Actually, I'd like to try to get this into 2.2. WP sucks with a large number of categories because of this bug.

03/27/07 18:46:58 changed by ryan

For 2.2, I think an array approach would suffice. I'd rather not muck with new tables right now.

03/27/07 19:14:53 changed by foolswisdom

  • priority changed from low to high.
  • severity changed from normal to major.

03/27/07 22:41:52 changed by charleshooper

  • owner deleted.
  • status changed from assigned to new.

04/03/07 23:47:57 changed by ryan

  • attachment 3985.diff added.

First cut at caching category children

04/03/07 23:50:03 changed by ryan

Patch creates array of categories and their children and sticks it in the options DB. Array is consulted to avoid descending through _get_cat_children() when there are no children. Next pass will remove the recursion.

04/04/07 20:44:48 changed by ryan

(In [5178]) Cache category hierarchy to make cat listing faster. Phase 1. see #3985

04/04/07 20:49:09 changed by ryan

That change avoids walking the category list for cats that have no children. With a categories table containing 3100 cats arranged in a flat hierarchy, time need to list categories went from minutes to seconds. Next I need to eliminate recursion altogether to sped up listing for those who use lots of hierarchy.

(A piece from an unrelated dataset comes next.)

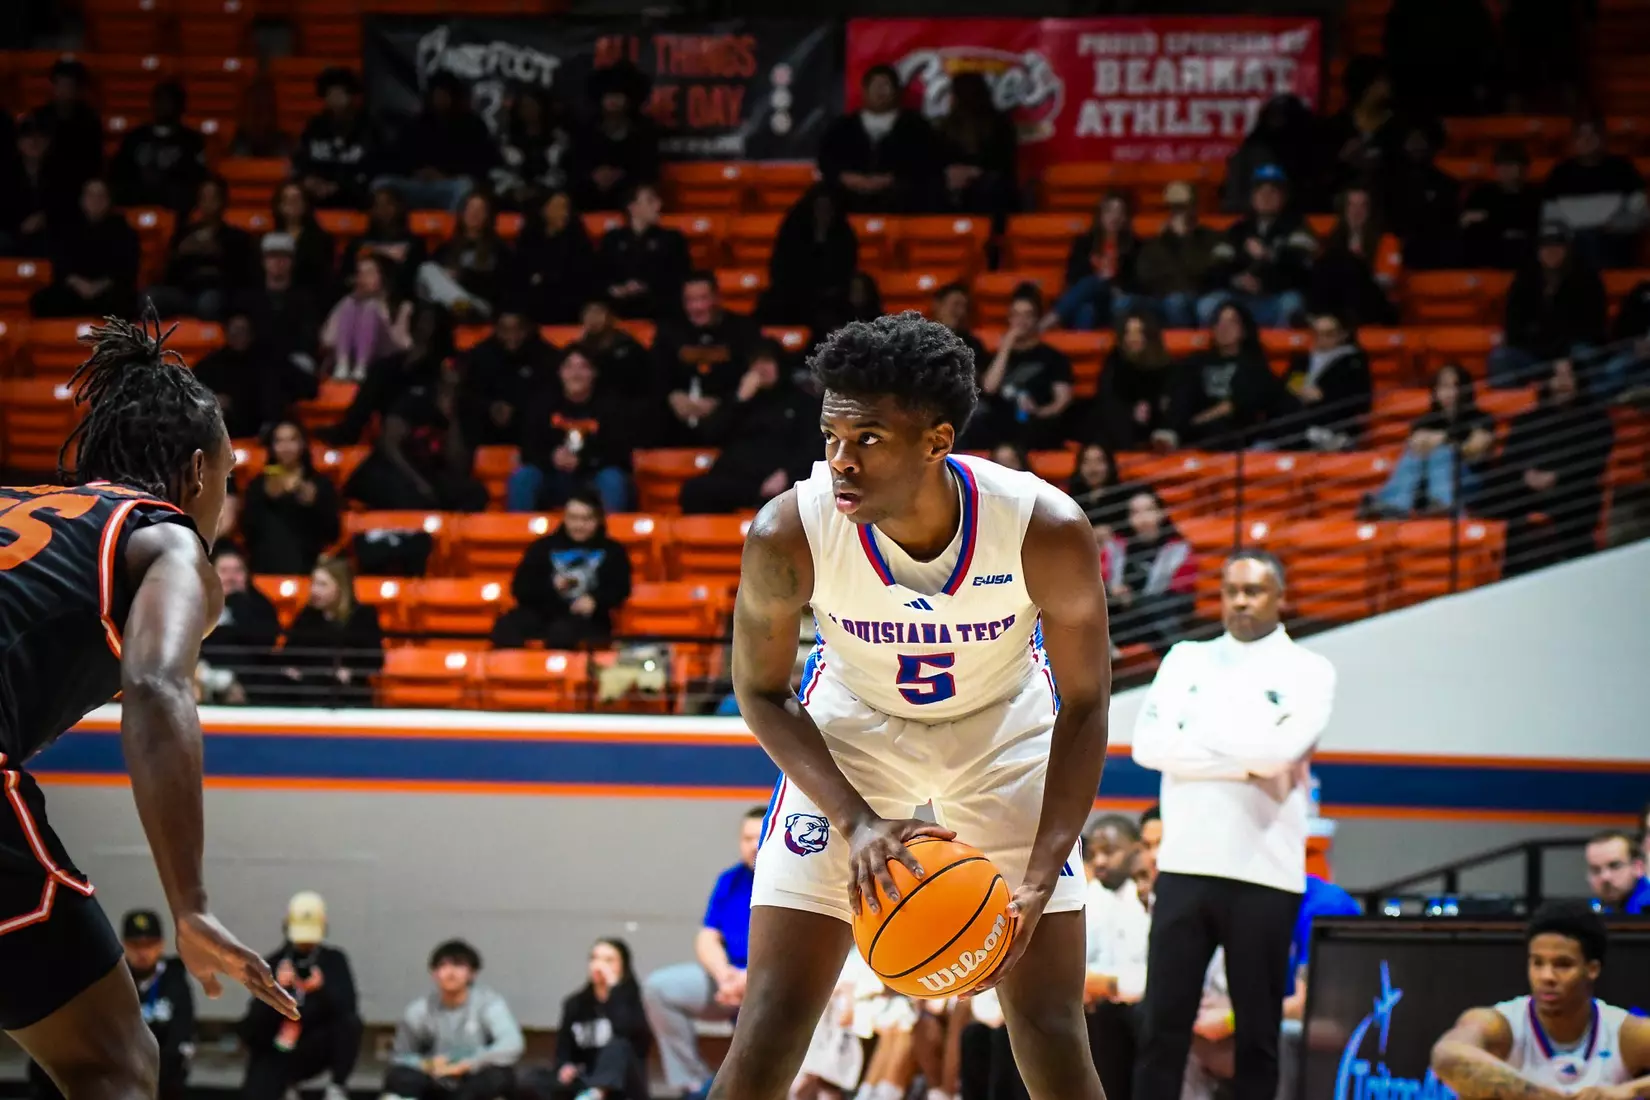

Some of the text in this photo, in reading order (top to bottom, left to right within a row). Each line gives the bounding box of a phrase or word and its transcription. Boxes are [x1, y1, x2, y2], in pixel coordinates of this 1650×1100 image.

[1095, 58, 1296, 94] BEARKAT
[686, 84, 746, 128] DAY
[896, 652, 957, 705] 5
[917, 913, 1007, 991] Wilson

04/04/07 22:32:26 changed by ryan

(In [5179]) Category listing speedups. see #3985

04/05/07 04:00:21 changed by yskin

What about replace

delete_option('category_children'); 

in clean_category_cache() to

update_option('category_children', ""); 

clean_category_cache() will be called when publishing or editing posts. Category_children option will be deleted and added very often.

An empty string can work well, because _get_category_hierarchy() use is_array() to check category_children option. If it is not an array, it will be identified as invalid cache.

04/11/07 03:28:11 changed by rob1n

Or change it to update_option('category_children', array());

So it gets serialized and returns a blank array, so it's a valid cache.

04/23/07 20:28:38 changed by ryan

(In [5295]) Fix variable collission in _get_cat_children. see #3985

04/23/07 20:31:48 changed by ryan

(In [5296]) Fix variable collission in _get_cat_children. For 2.2. see #3985

05/12/07 22:08:01 changed by ryan

  • status changed from new to closed.
  • resolution set to fixed.

Let's call this good enough for now.